Carmaux : En 1965, la mine tuait 12 mineurs / DDM

Dans le cadre de notre série Trésors d’archives, qui retrace les grandes heures de l’histoire du Tarn, retour sur les grèves des mineurs et verriers carmausins qui ont façonné l’histoire sociale de la France.

Qui dit Carmaux, dit charbon, verrerie et grandes grèves ouvrières. Des symboles, des combats qui restent gravés à jamais dans la mémoire collective. Un monde ouvrier où le quotidien est rude. Le charbon, c’est une vieille histoire dans le bassin. On l’extrait depuis au moins 1295, date des premières traces écrites l’attestant. À cette époque, des taxes sur le charbon de terre transporté à dos de mulet étaient prélevées pour le franchissement du pont d’Albi. Mais il faudra attendre plusieurs siècles et l’arrivée de l’industrialisation pour la création de la première compagnie minière.



Le charbon connaît un essor considérable. Alors, il faut augmenter les cadences, percer plus profond, exposant les ouvriers aux accidents et aux coups de grisou. À cette époque, la majorité des mineurs venait du monde paysan. Et durant la seconde partie du XIXe siècle, on ne compte plus le nombre de grèves pour demander des hausses de salaires et des améliorations des conditions de travail dont il est inutile de rappeler la dureté. Mais c’est en 1892 que le mouvement social prend un nouveau tournant et devient politique.


La Une du Petit parisien annonçant l’interdiction des attroupements des mineurs. / Archives départementales 

Le licenciement du nouveau maire
Nous sommes le 15 mai. Jean-Bastide Calvignac, mineur syndicaliste est élu maire. En réponse à cette élection considérée comme un camouflet pour la droite, la compagnie dirigée par le marquis de Solage (député monarchiste) le licencie deux mois plus tard, en prenant le prétexte des absences nécessaires à l’exercice de son mandat. Pour la compagnie il devait choisir « la mine ou la mairie ».

Ce renvoi injustifié d’un ouvrier travaillant depuis 20 ans pour la compagnie provoque une réaction de solidarité spontanée et inédite : 3 000 ouvriers se mettent en grève et demandent la réintégration immédiate de Calvignac.


Une gravure représentant les mineurs en grève face aux militaires. Archives départementales - / Archives départementales.

C’est une des premières grèves ayant un motif politique, démontrant que les ouvriers ont compris l’importance de leur pouvoir. Ils sont aidés et soutenus par un jeune professeur de philosophie de 33 ans. Son nom : Jean Jaurès. Devant l’ampleur du conflit, le baron Reille, président du conseil d’administration de la Compagnie, demande l’arbitrage du président du Conseil, Émile Loubet.

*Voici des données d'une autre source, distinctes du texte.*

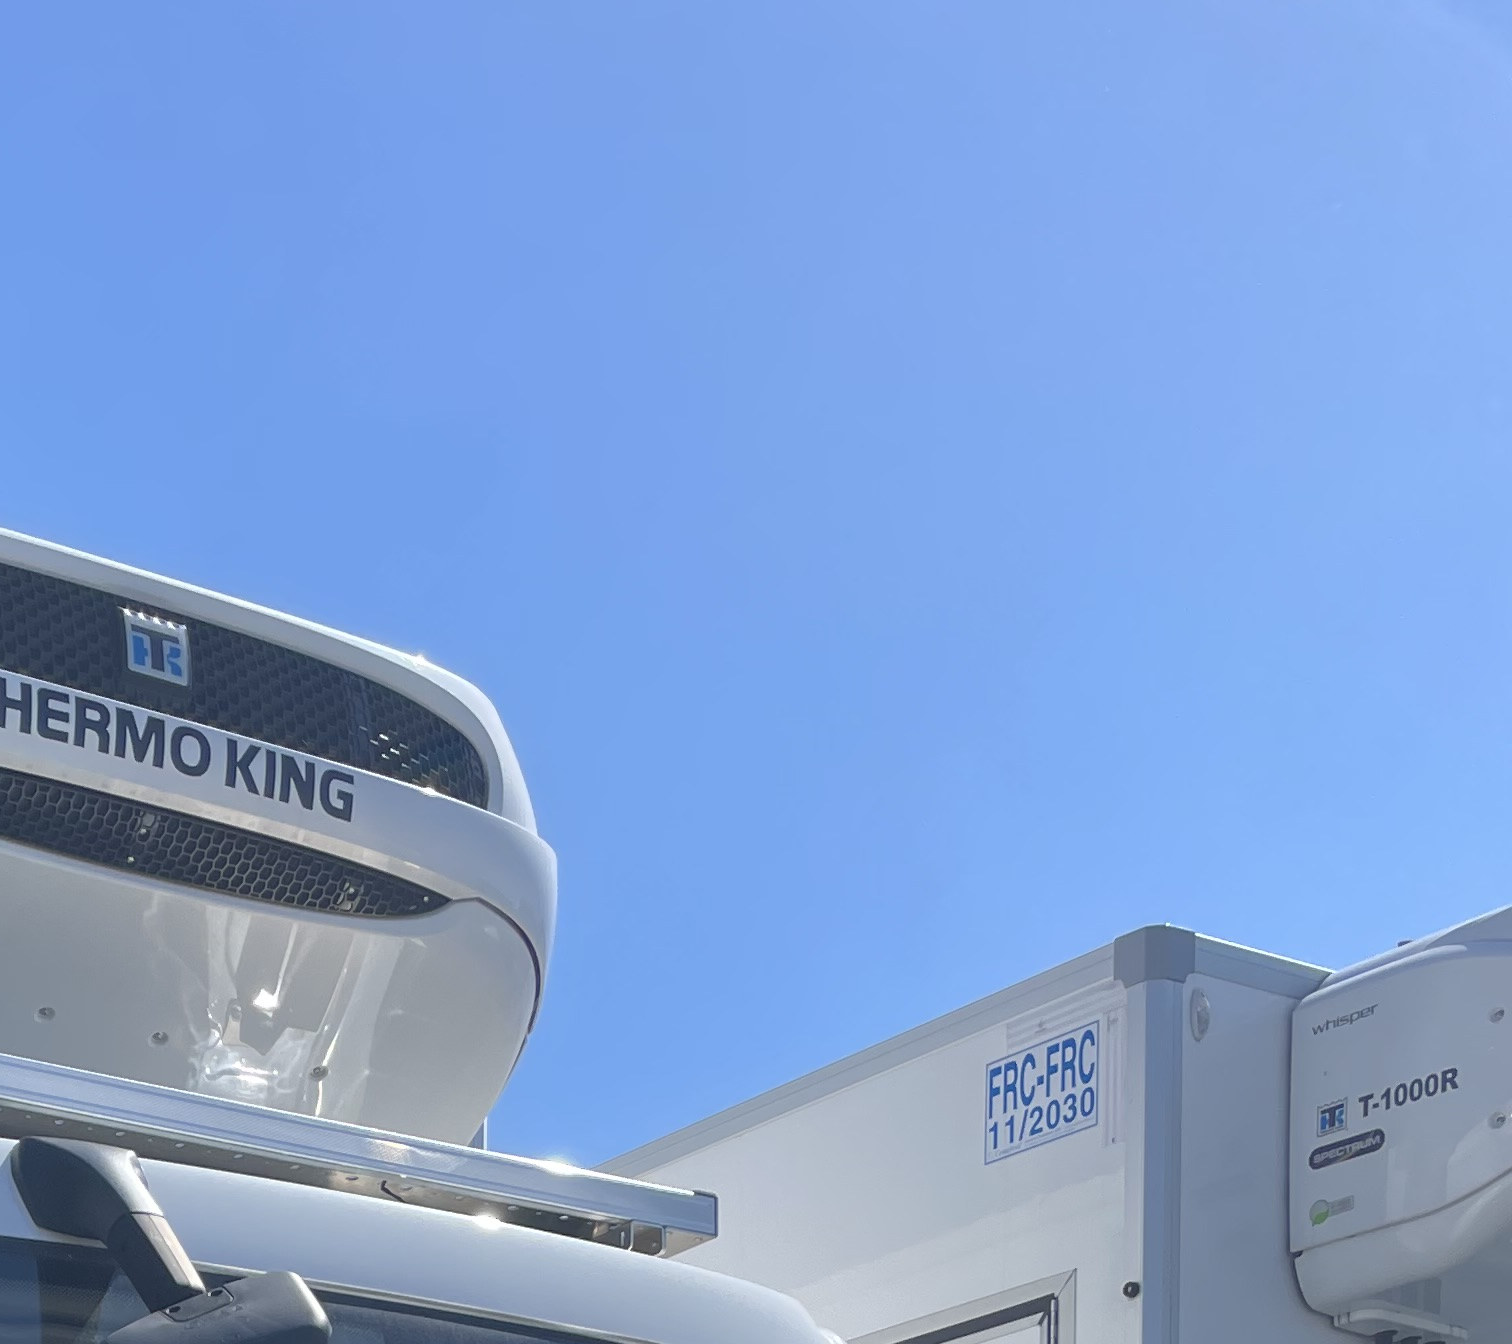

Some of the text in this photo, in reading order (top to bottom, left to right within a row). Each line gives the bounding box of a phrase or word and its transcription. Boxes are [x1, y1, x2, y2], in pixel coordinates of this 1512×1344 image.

[224, 737, 356, 823] KING
[1311, 1004, 1379, 1035] whisper
[988, 1029, 1096, 1120] FRC-FRC
[1358, 1067, 1459, 1118] T-1000R
[988, 1086, 1096, 1150] 11/2030
[1313, 1135, 1382, 1164] SPECTRUM

Ce dernier envoie l’armée pour contenir la grève, mais impose aussi une négociation entre les deux camps. À l’issue de ce mouvement de grève, Calvignac est réintégré et les ouvriers grévistes sont réembauchés. Le marquis de Solages, lui, est contraint de démissionner de son mandat de député. C’est une victoire pour le camp des ouvriers, qui prennent conscience de l’impact de leur action collective.
Quelques années plus tard, en 1895. Jean-Jaures est élu député de Carmaux.


Jean-Jaurès a porté haut et fort le combat des mineurs et verriers du Carmausin. / Archives départementales

Le grand combat des verriers
La ville produit beaucoup de verre. En 1895, une grève des verriers éclate, là aussi pour de meilleures conditions de travail et des salaires décents. Mais la direction n’en a cure et continue d’écouler son stock de bouteilles, malgré la crise viticole confrontée au phylloxéra.

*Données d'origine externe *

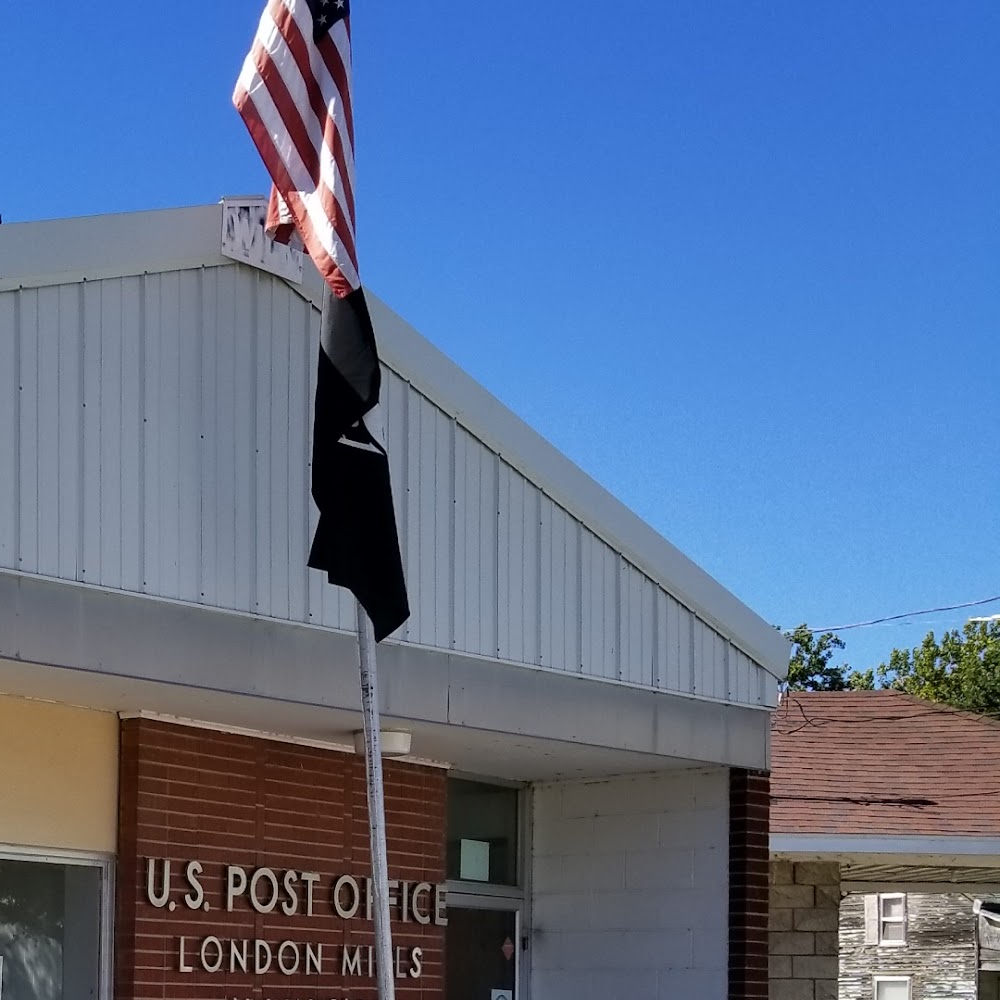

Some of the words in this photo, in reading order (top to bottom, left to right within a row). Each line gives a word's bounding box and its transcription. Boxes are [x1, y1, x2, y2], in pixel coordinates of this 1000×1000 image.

[147, 858, 210, 912] U.S.
[227, 865, 321, 917] POST
[179, 935, 322, 976] LONDON
[342, 945, 423, 979] MILS
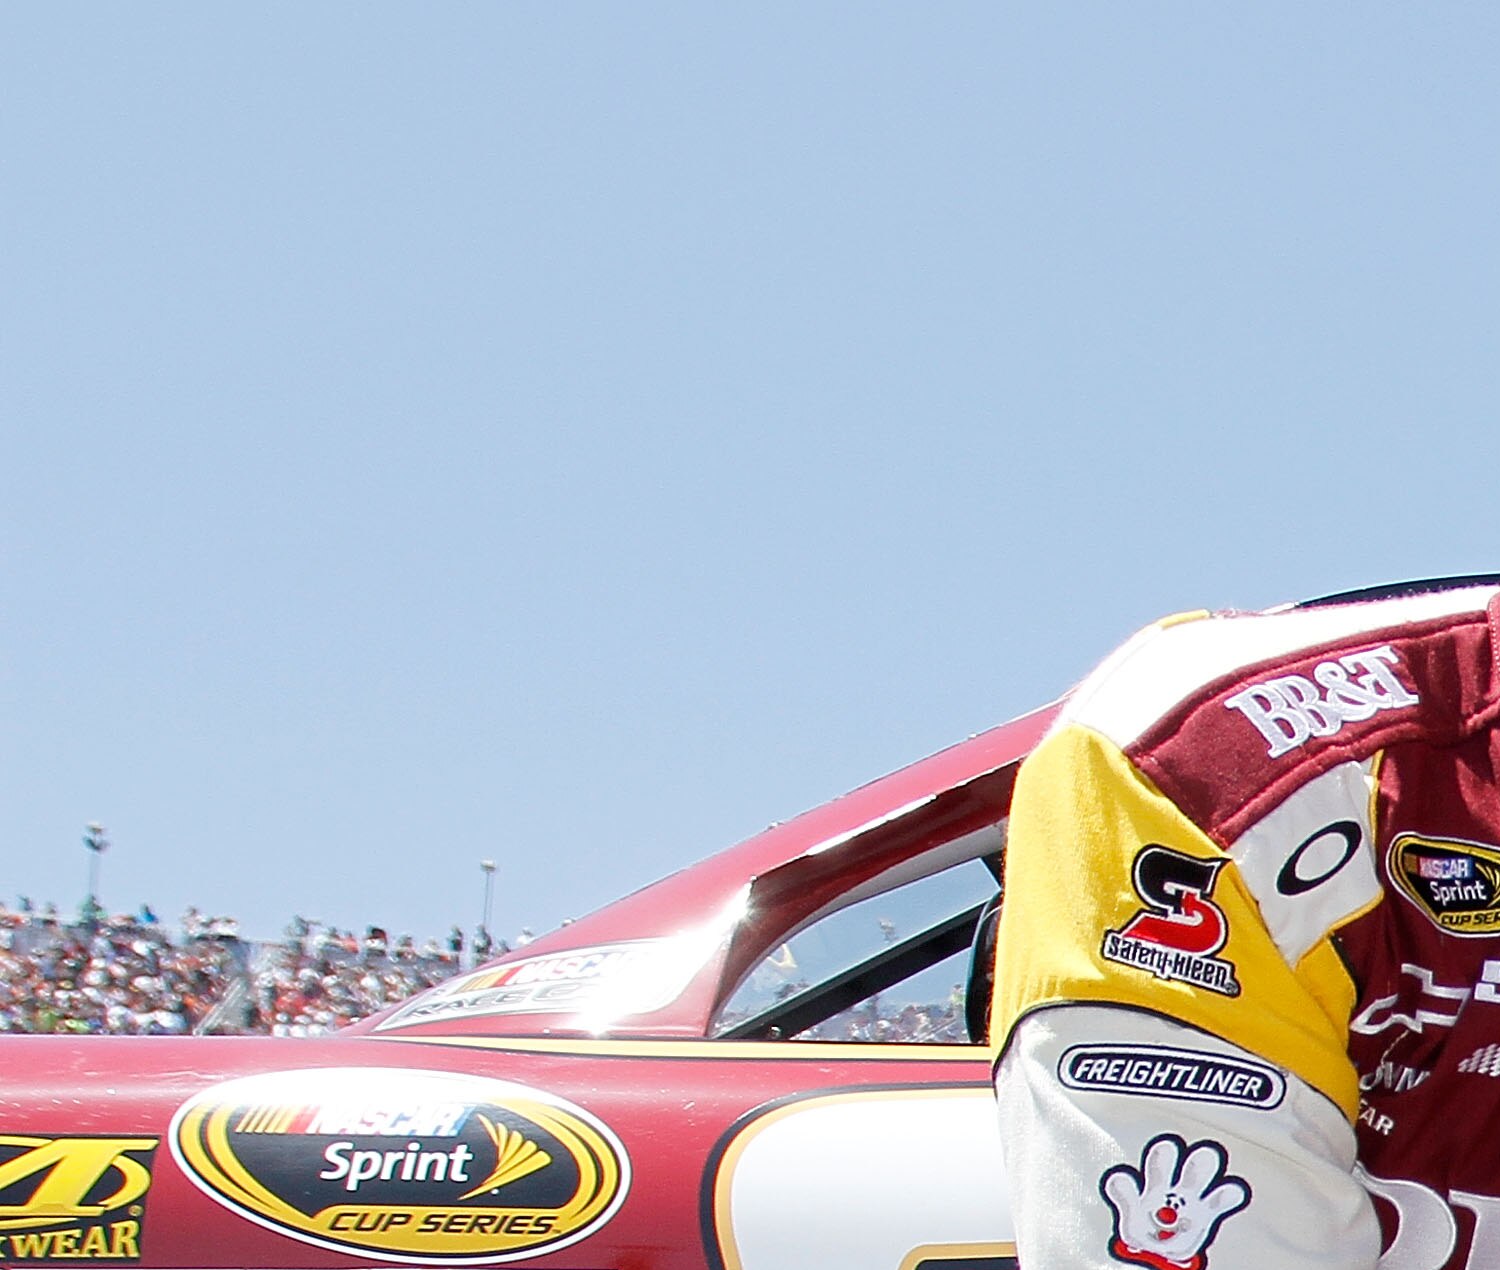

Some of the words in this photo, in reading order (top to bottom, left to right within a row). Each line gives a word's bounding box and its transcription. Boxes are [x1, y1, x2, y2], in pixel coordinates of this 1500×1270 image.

[1225, 645, 1420, 759] BB&T
[1429, 880, 1487, 907] Sprint
[1440, 913, 1472, 926] CUP
[1075, 1058, 1263, 1098] FREIGHTLINER
[319, 1141, 473, 1191] Sprint
[328, 1211, 412, 1234] CUP
[417, 1212, 556, 1236] SERIES

Elle répond à la grève par un lock-out, une fermeture provisoire, mettant ses 1 200 ouvriers au chômage. Ils appellent Jaurès au secours. Le tribun obtient la procédure d’arbitrage du juge de paix. Dans un premier temps, les ouvriers se soumettent et acceptent de reprendre le travail et de payer de leurs poches les salaires des mises à pied. 



Le directeur Rességuier en profite pour annoncer qu’il choisira les ouvriers qu’il reprendra, excluant explicitement les syndicalistes. Une décision de trop. Une souscription est lancée par Jaurès, avec l’aide de La Dépêche du Midi et La Petite République, pour créer une verrerie autogérée.

"Il y aura une verrerie aux verriers où trouveront un abri ceux que l’arbitraire patronal veut chasser et affamer", annonce le tribun. Après une longue lutte contre le gouvernement, contre les forces de l’ordre et les grands patrons, la verrerie autogérée d’Albi ouvre ses portes avec les verriers n’ayant pas repris à Carmaux. C’est le début de la grande aventure de la VOA, toujours en activité, même si un fonds de pension a remplacé les ouvriers à la tête de l’usine. On y trouve encore une statue de Jaurès, comme à Carmaux.


La Découverte, plus grande mine à ciel ouvert d’Europe ferme ses portes le 30 juin 1997. / Archives départementales

Le 30 juin 1997, c’est la fin du charbon
Durant la seconde moitié du XXe siècle, l’extraction du charbon connaît un déclin sans précédent en France. Dans le Carmausin, il ne reste plus qu’une mine, dont le projet a été lancé en 1975. Elle ouvre en 1984. C’est la plus grande d’Europe à ciel ouvert, sur le site de la Découverte, formant un amphithéâtre de 1 302 mètres de diamètre et 229 mètres de profondeur, appelé à devenir un parc de loisirs quelques années plus tard.



Face à ce chaos industriel, le taux de chômage grimpe en flèche, au même rythme que la pauvreté, pour avoisiner les 20 %. Près de 3 000 emplois ont été perdus. Pourtant, en 1980, c’est à Carmaux que François Mitterrand avait lancé sa campagne pour la présidentielle, promettant "la relance de l’industrie charbonnière". Une promesse qui n’a pas résisté à celles du charbon importé, bien moins cher.



"Depuis que l’ascenseur de la mine ne descend plus, les gens ont l’impression que l’ascenseur social est bloqué", déplorait à l’époque l’ancien président PS du département Thierry Carcenac. Des vies brisées, des hommes cassés qui ne peuvent, malgré quelques derniers barouds d’honneur que constater que la fin est proche, que la fin est là. Le 30 juin 1997, les puissantes machines de la Découverte cessent définitivement de fonctionner. Le Carmausin ne produira plus cet "or noir" qui a fait sa richesse durant plus d’un siècle et demi.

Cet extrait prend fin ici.